The week was not going well. Worse, Clete had called early the previous morning and, without thinking, I told him Jimmie had gotten a lead on Lou Kale and that Kale might be running an escort service out of Miami. That was a mistake.
By Tuesday afternoon Clete was standing at the registration desk in the lobby of an old ten-story stucco hotel on the beach in Hollywood, Florida, decked out in shades, his pale blue porkpie hat, a tropical shirt printed with bare-breasted hula girls, white polyester Bermuda shorts, and blue tennis shoes threaded with brand-new white laces. He carried a set of golf clubs on one shoulder, a flight bag on the other, registered as C. T. Perkins from Gulfport, Mississippi, and paid cash for his room.

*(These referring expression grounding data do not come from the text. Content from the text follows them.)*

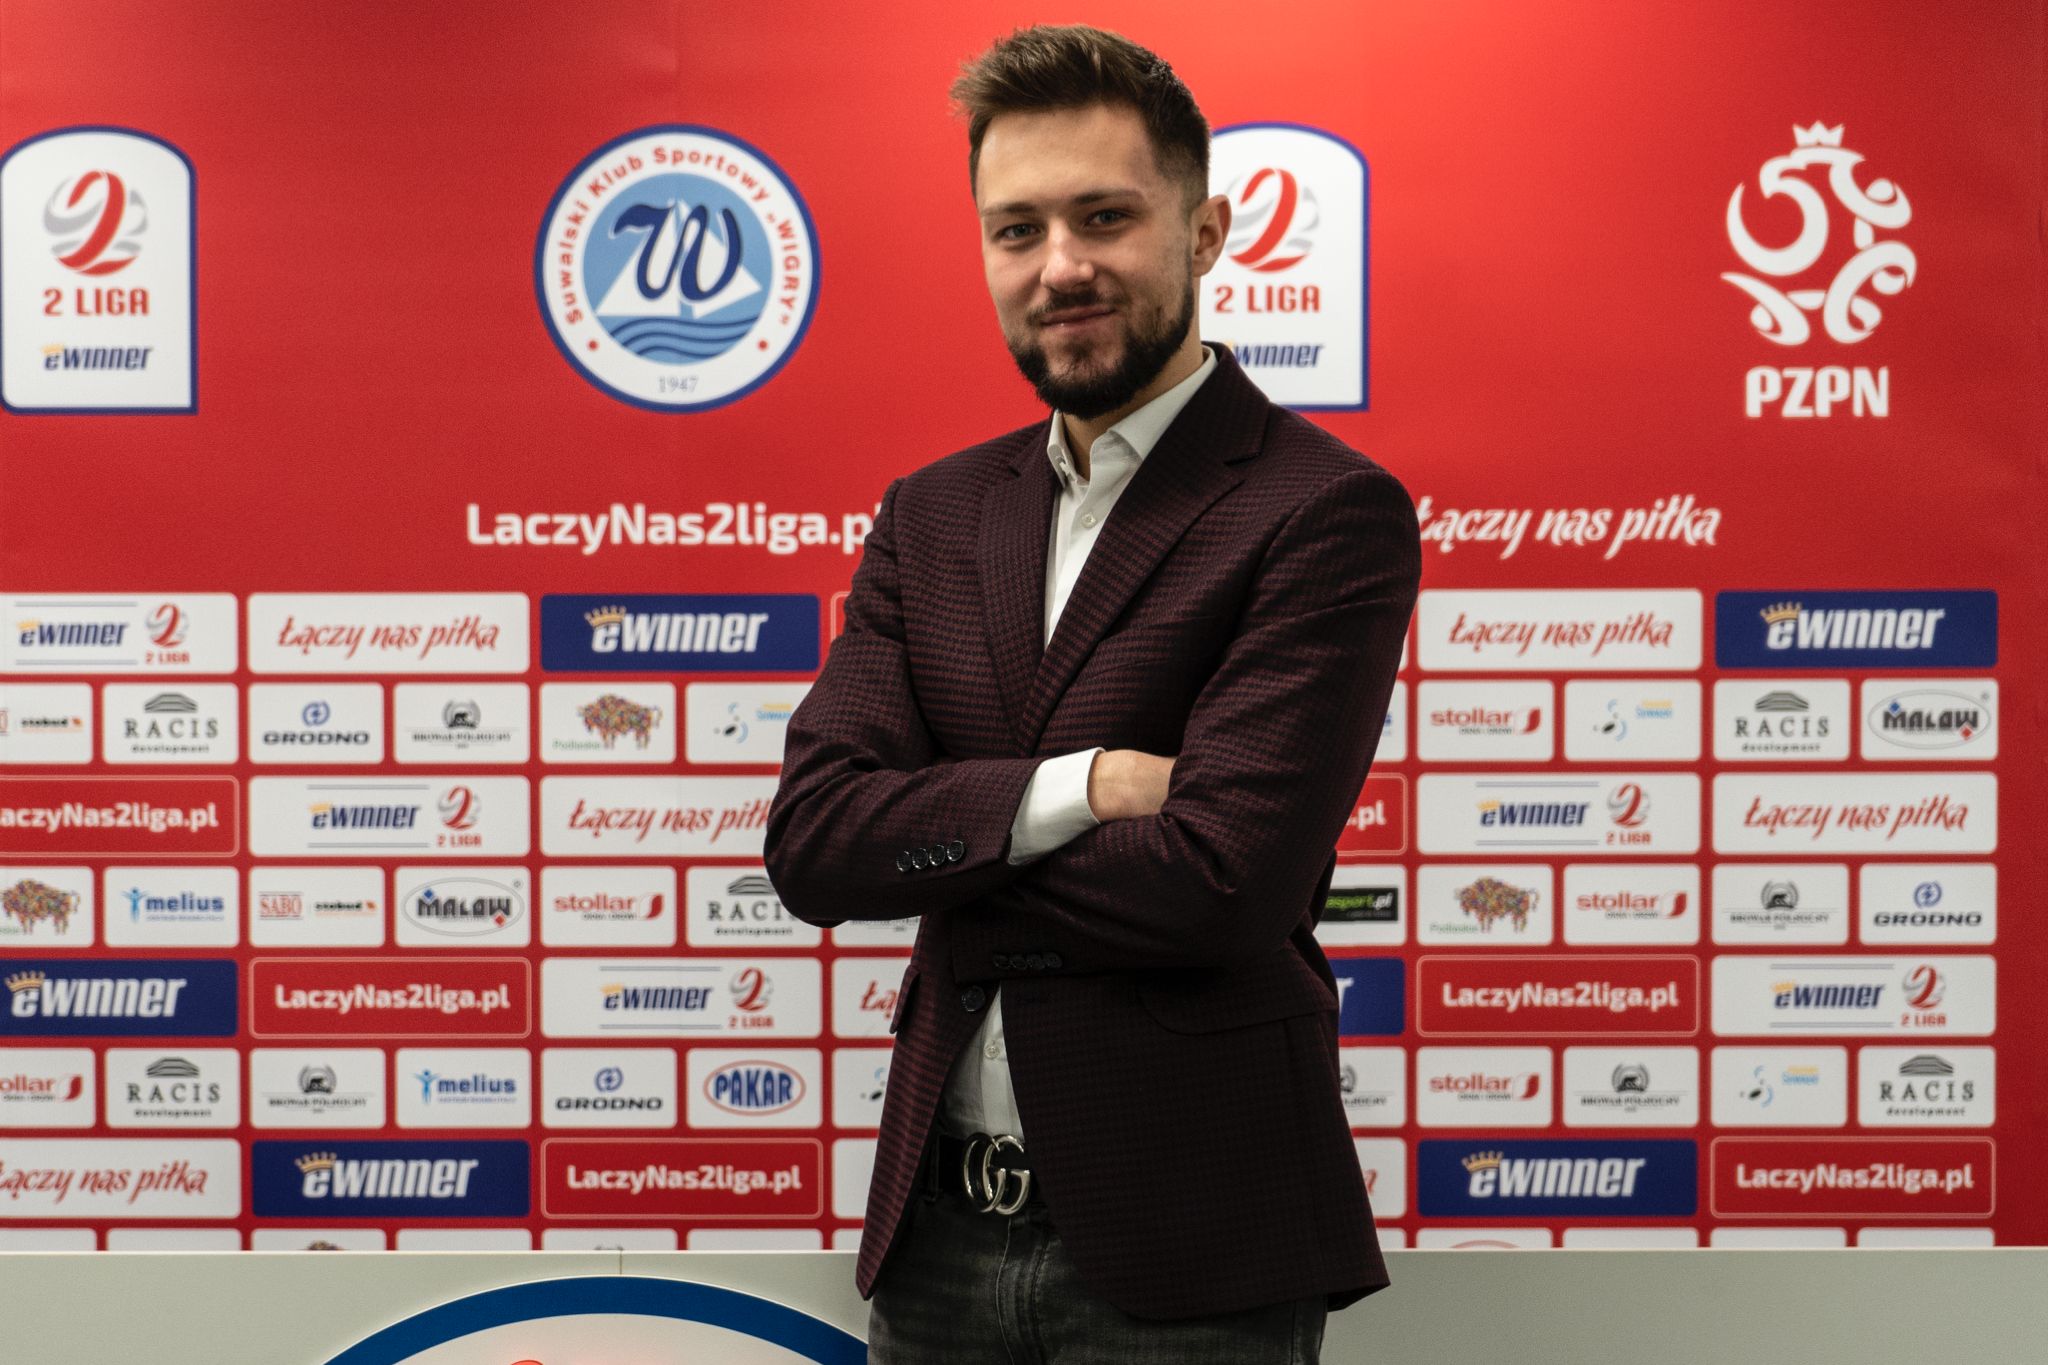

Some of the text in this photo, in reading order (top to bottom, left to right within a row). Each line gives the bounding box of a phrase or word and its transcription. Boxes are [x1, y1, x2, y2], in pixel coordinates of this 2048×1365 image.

[560, 201, 588, 324] Suwalski
[587, 154, 644, 198] Klub
[653, 146, 770, 203] Sportowy
[44, 288, 149, 316] 2 LIGA
[1215, 285, 1320, 313] 2 LIGA
[1234, 343, 1322, 368] winner
[659, 376, 698, 393] 1947
[1745, 366, 1889, 418] PZPN
[466, 503, 877, 555] LaczyNas2liga.p
[1536, 507, 1613, 546] nas
[1604, 495, 1721, 560] piłka
[278, 615, 500, 660] Łączy nas piłka
[592, 613, 768, 653] ewinner
[1449, 611, 1674, 657] Łączy nas piłka
[1767, 608, 1945, 650] ewinner
[124, 718, 218, 738] RACIS
[1430, 707, 1512, 726] stollar
[1735, 717, 1829, 737] RACIS
[263, 732, 370, 745] GRODNO
[0, 802, 219, 833] aczyNas2liga.pl
[567, 798, 768, 842] Łączy nas piłk
[1744, 794, 1969, 840] Łączy nas piłka
[145, 893, 224, 912] melius
[553, 893, 636, 912] stollar
[708, 902, 795, 922] RACI
[1576, 891, 1658, 910] stollar
[1874, 913, 1982, 926] GRODNO
[12, 977, 187, 1018] ewinner
[275, 984, 510, 1014] LaczyNas2liga.pl
[1443, 981, 1679, 1012] LaczyNas2liga.pl
[0, 1074, 54, 1092] ollar
[127, 1083, 220, 1103] RACIS
[436, 1075, 516, 1093] melius
[714, 1069, 793, 1107] PAKAR
[1429, 1072, 1512, 1091] stollar
[1880, 1081, 1974, 1101] RACIS
[556, 1098, 663, 1110] GRODNO
[79, 1169, 131, 1194] nas
[128, 1160, 208, 1204] piłka
[303, 1160, 478, 1198] ewinner
[567, 1165, 802, 1194] LaczyNas2liga.pl
[1468, 1158, 1645, 1197] ewinner
[1736, 1163, 1974, 1194] LaczyNas2liga.pl

The walls of the hotel were spiderwebbed with cracks, the patio in the center of the building spiked with weeds, the potted jacaranda dying from lack of water. But the view of the ocean from his open window on the top floor was magnificent, the overhead fan adequate to cool the room, the salt air wonderful. Clete propped his feet on the windowsill and punched in the telephone number of the Sea Breeze Escort Service. Down below, the tide was sliding high up on the sand and children were running into the waves, leaping in the froth that sucked back over their tanned bodies. On the third ring Clete found himself talking to a man who called himself Lou Coyne.

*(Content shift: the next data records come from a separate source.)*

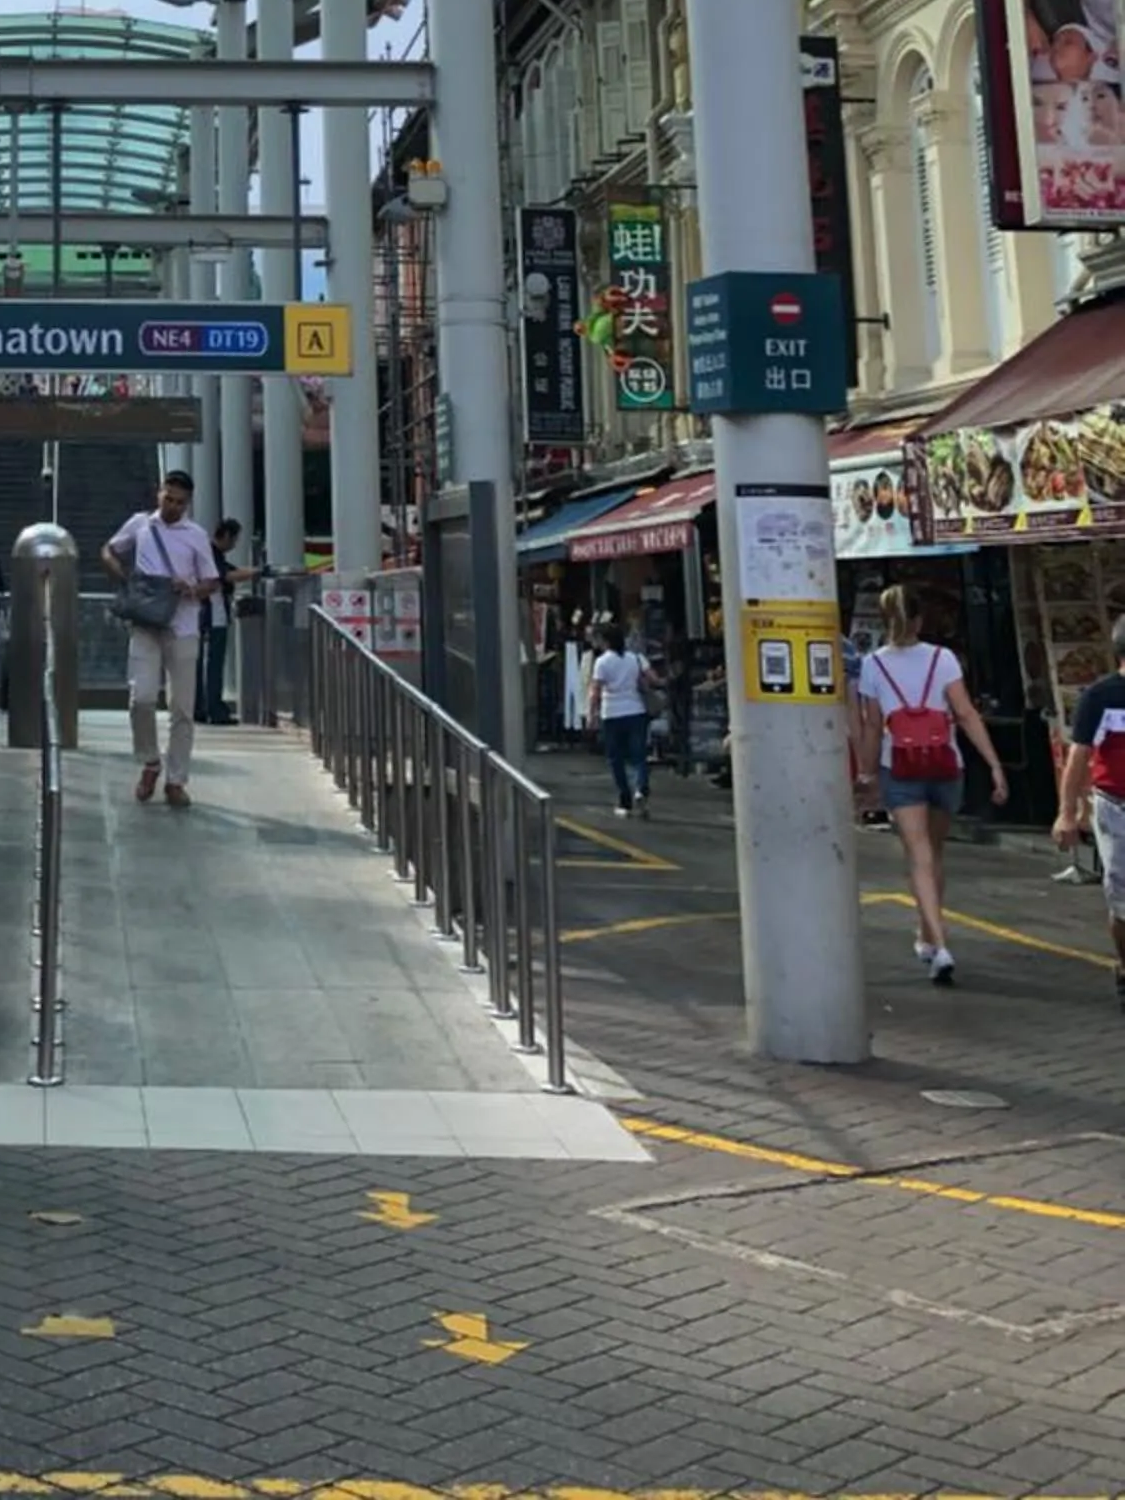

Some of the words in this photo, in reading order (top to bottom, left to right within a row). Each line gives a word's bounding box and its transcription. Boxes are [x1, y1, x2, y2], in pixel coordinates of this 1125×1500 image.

[151, 329, 192, 348] NE4
[208, 329, 260, 348] DT19
[307, 329, 325, 351] A
[764, 338, 808, 357] EXIT
[764, 366, 812, 390] 出口
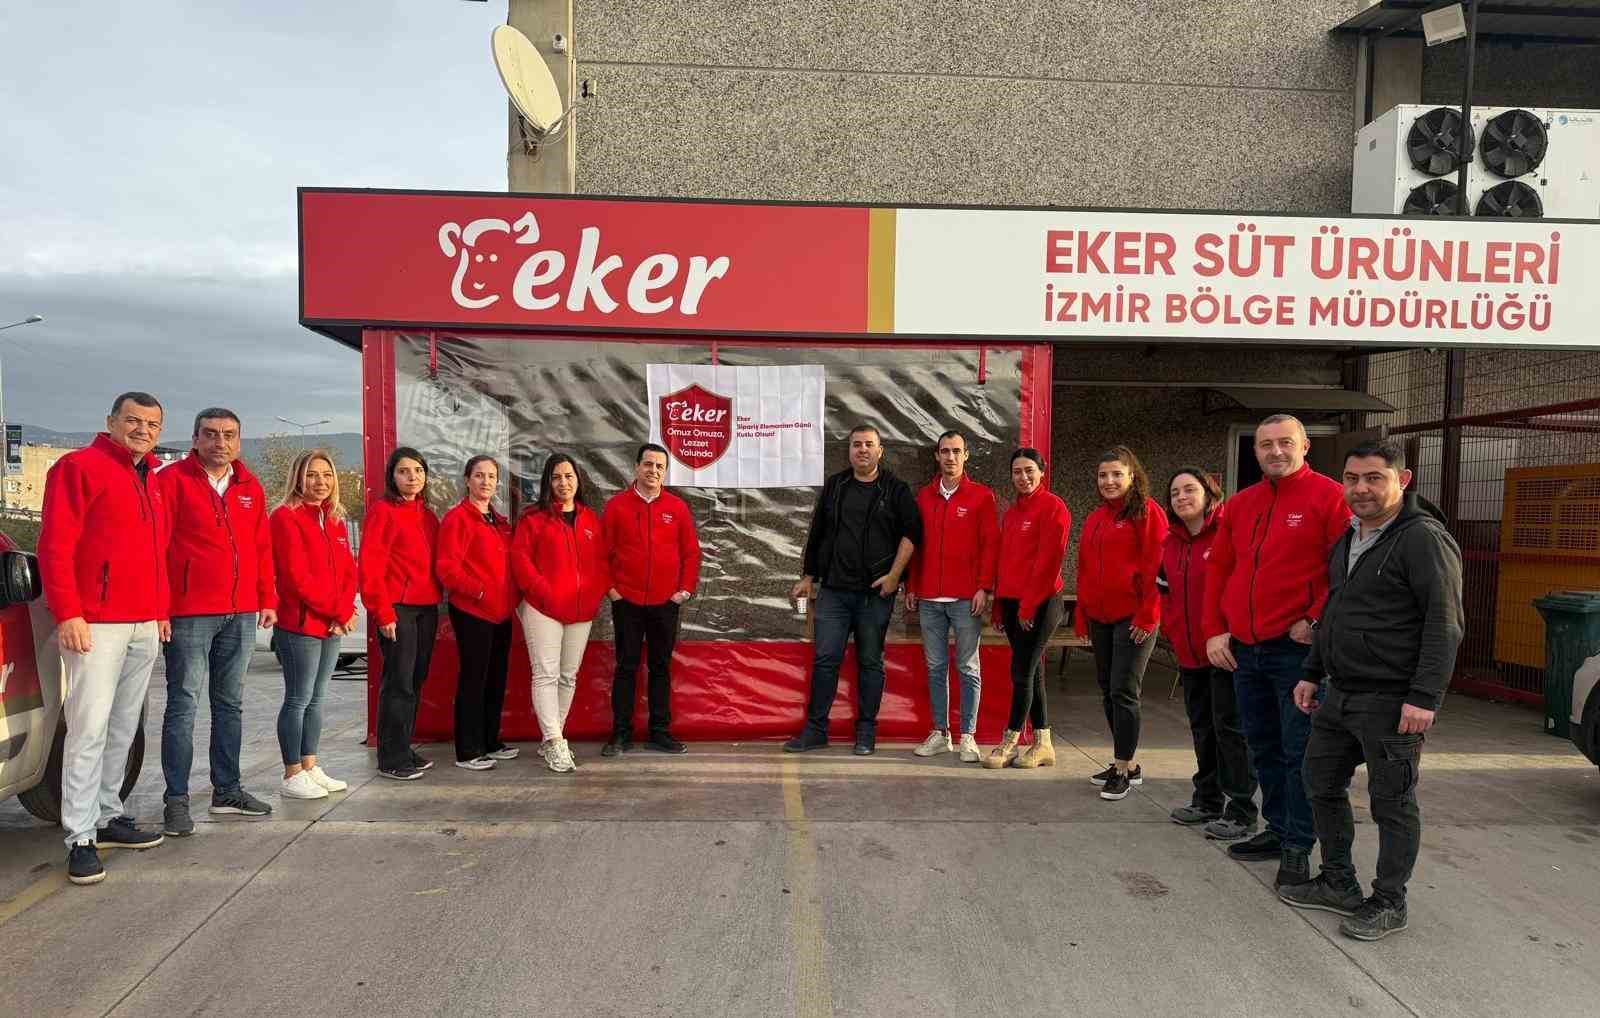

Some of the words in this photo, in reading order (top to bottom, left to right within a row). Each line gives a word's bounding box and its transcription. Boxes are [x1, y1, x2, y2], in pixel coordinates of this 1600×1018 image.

[1046, 230, 1177, 276] EKER
[1193, 222, 1296, 278] SÜT
[1311, 225, 1561, 285] ÜRÜNLERİ
[512, 226, 730, 315] eker
[1044, 283, 1151, 323] İZMİR
[1165, 286, 1296, 326] BÖLGE
[1309, 289, 1552, 332] MÜDÜRLÜĞÜ
[681, 403, 728, 423] eker
[667, 427, 692, 437] Omuz
[693, 428, 725, 439] Omuza,
[679, 448, 713, 458] Yolunda
[682, 439, 709, 448] Lezzet

"You got the referral where?" Coyne said.
"Stevie Giacano, in New Orleans," Clete replied.
"Oh yeah, Stevie Gee. In the Teamsters, right? How's ole Stevie doin'?"
"Not too good. He's dead. But he always said your service was tops."
"We like to think so. So you're hosting a convention, that's what you're saying?"
"I'm about three blocks away from your office. What if I come on down there and maybe we work out a group rate? You give finder fees? I'll take mine in trade."
"Tell you what, I'll meet you in a half hour at that little outdoor joint by your hotel, the one looks like a straw hut."
"How will I know you?"
"You won't," the man who called himself Lou Coyne said, and hung up.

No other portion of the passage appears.